## WHAT YOU SHOULD DO
What follows is a listing. Return every line of it exactly.

## DATA TO USE

════════════════

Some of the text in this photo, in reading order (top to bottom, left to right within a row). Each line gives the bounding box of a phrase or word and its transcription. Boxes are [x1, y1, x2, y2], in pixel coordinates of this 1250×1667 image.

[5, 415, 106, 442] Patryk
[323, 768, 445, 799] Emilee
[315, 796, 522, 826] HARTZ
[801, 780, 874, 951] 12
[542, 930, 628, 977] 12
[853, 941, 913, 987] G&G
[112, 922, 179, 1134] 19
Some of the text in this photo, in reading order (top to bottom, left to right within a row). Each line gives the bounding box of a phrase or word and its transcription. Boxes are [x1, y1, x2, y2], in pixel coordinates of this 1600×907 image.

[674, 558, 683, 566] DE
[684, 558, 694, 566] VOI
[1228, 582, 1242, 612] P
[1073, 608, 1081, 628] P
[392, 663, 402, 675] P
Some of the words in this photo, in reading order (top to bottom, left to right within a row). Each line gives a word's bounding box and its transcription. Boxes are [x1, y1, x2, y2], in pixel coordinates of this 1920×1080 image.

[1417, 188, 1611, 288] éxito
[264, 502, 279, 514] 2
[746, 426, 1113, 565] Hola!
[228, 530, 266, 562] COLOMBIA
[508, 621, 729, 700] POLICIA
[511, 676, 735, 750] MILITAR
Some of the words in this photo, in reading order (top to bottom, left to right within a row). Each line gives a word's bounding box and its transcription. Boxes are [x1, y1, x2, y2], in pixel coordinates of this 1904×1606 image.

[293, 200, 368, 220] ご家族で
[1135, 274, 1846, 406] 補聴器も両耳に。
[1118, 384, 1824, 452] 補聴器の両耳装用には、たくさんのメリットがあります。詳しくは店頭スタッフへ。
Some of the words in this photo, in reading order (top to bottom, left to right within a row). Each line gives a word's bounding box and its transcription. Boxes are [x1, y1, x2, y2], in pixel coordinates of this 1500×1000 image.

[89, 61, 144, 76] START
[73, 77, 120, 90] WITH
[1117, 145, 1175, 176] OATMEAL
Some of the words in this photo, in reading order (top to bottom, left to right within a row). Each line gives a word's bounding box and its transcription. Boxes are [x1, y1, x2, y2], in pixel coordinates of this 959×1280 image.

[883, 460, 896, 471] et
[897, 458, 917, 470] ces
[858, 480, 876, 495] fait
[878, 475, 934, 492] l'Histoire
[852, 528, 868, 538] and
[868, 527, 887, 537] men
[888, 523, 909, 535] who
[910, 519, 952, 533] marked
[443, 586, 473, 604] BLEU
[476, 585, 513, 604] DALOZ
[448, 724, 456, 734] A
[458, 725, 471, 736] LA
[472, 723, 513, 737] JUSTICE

════════════════

## EXERCISE ANSWER
Some of the text in this photo, in reading order (top to bottom, left to right within a row). Each line gives the bounding box of a phrase or word and its transcription. Boxes are [x1, y1, x2, y2], in pixel coordinates of this 1250×1667 image.

[5, 415, 106, 442] Patryk
[323, 768, 445, 799] Emilee
[315, 796, 522, 826] HARTZ
[801, 780, 874, 951] 12
[542, 930, 628, 977] 12
[853, 941, 913, 987] G&G
[112, 922, 179, 1134] 19
Some of the text in this photo, in reading order (top to bottom, left to right within a row). Each line gives the bounding box of a phrase or word and its transcription. Boxes are [x1, y1, x2, y2], in pixel coordinates of this 1600×907 image.

[674, 558, 683, 566] DE
[684, 558, 694, 566] VOI
[1228, 582, 1242, 612] P
[1073, 608, 1081, 628] P
[392, 663, 402, 675] P
Some of the words in this photo, in reading order (top to bottom, left to right within a row). Each line gives a word's bounding box and its transcription. Boxes are [x1, y1, x2, y2], in pixel coordinates of this 1920×1080 image.

[1417, 188, 1611, 288] éxito
[264, 502, 279, 514] 2
[746, 426, 1113, 565] Hola!
[228, 530, 266, 562] COLOMBIA
[508, 621, 729, 700] POLICIA
[511, 676, 735, 750] MILITAR
Some of the words in this photo, in reading order (top to bottom, left to right within a row). Each line gives a word's bounding box and its transcription. Boxes are [x1, y1, x2, y2], in pixel coordinates of this 1904×1606 image.

[293, 200, 368, 220] ご家族で
[1135, 274, 1846, 406] 補聴器も両耳に。
[1118, 384, 1824, 452] 補聴器の両耳装用には、たくさんのメリットがあります。詳しくは店頭スタッフへ。
Some of the words in this photo, in reading order (top to bottom, left to right within a row). Each line gives a word's bounding box and its transcription. Boxes are [x1, y1, x2, y2], in pixel coordinates of this 1500×1000 image.

[89, 61, 144, 76] START
[73, 77, 120, 90] WITH
[1117, 145, 1175, 176] OATMEAL
Some of the words in this photo, in reading order (top to bottom, left to right within a row). Each line gives a word's bounding box and its transcription. Boxes are [x1, y1, x2, y2], in pixel coordinates of this 959×1280 image.

[883, 460, 896, 471] et
[897, 458, 917, 470] ces
[858, 480, 876, 495] fait
[878, 475, 934, 492] l'Histoire
[852, 528, 868, 538] and
[868, 527, 887, 537] men
[888, 523, 909, 535] who
[910, 519, 952, 533] marked
[443, 586, 473, 604] BLEU
[476, 585, 513, 604] DALOZ
[448, 724, 456, 734] A
[458, 725, 471, 736] LA
[472, 723, 513, 737] JUSTICE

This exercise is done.